Anticipation on the rising tide.

Then there’s the fish themselves. While salmon and trevally are refreshingly cooperative if you can find them, bream and estuary perch can be disturbingly moody and clearly have feeding patterns which are more erratic and harder to decipher. For example, it’s generally accepted (and for good reason) that estuary perch are mainly low light feeders. However, one of my best EP sessions lately was in broad daylight.

Mid afternoon EP.

You might reasonably assume that this uncertainty is a negative. However, I think it’s having the opposite effect. Every time I get that big living tug when I’m doing what seems to make sense, it’s enormously rewarding. And when the same thing happens and I’m not really expecting it? Well, that’s exciting too, and another riddle to solve.
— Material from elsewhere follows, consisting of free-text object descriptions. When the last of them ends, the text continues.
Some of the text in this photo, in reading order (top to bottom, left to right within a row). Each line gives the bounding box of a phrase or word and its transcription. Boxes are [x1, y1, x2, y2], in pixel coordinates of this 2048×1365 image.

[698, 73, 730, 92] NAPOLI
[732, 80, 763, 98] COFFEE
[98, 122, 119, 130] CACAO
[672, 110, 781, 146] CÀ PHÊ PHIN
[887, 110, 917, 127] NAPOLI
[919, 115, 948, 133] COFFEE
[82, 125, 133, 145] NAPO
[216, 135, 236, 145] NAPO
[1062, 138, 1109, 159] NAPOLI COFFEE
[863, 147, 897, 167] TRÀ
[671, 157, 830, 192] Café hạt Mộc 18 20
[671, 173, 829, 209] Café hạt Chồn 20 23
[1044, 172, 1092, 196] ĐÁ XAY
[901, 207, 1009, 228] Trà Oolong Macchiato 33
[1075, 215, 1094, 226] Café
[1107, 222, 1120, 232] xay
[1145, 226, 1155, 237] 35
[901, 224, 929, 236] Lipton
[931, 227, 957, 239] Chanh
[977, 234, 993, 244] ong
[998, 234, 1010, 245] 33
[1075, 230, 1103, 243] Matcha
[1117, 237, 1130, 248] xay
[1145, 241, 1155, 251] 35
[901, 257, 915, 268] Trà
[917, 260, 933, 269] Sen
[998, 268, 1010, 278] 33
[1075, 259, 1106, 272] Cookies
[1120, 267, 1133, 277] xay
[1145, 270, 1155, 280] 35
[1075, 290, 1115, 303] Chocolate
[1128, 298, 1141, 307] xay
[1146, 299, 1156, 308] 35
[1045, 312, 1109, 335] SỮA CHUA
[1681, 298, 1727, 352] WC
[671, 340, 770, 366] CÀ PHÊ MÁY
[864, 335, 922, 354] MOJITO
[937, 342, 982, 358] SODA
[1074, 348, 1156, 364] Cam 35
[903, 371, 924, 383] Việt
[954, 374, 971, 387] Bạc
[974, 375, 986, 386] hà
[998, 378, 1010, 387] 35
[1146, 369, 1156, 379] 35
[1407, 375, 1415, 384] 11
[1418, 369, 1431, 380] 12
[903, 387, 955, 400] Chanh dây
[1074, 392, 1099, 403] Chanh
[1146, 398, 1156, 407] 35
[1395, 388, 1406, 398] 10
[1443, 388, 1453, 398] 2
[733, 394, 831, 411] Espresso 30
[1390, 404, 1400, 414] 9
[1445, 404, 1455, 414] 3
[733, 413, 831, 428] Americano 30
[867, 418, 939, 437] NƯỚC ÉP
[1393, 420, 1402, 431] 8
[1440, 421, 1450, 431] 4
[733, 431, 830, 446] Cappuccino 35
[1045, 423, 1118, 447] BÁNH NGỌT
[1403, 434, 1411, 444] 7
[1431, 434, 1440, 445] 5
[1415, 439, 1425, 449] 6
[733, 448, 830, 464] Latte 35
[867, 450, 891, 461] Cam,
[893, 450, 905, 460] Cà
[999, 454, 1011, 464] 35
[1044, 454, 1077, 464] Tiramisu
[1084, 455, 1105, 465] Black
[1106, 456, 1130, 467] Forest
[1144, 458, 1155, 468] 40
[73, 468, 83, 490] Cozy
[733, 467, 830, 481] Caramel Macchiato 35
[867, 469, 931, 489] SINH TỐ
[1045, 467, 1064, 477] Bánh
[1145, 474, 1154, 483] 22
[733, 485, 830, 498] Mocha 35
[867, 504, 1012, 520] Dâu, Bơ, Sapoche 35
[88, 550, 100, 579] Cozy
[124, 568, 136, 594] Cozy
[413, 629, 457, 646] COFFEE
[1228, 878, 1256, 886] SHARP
Meanwhile, estuaries are simply great places to be. I’d never claim to be one of those saltwater-in- the-veins types, but with the ocean humming in the background, the looming sea cliffs and the vast horizons, I think I get a sniff of the appeal. Throw in the possibility of some hard-fighting fish on fly, and estuaries are a pretty compelling package.

Gellibrand river mouth. There’s something about where rivers meet the ocean.

I’ll be back on the lakes soon enough, but estuaries will keep bubbling away in my thoughts.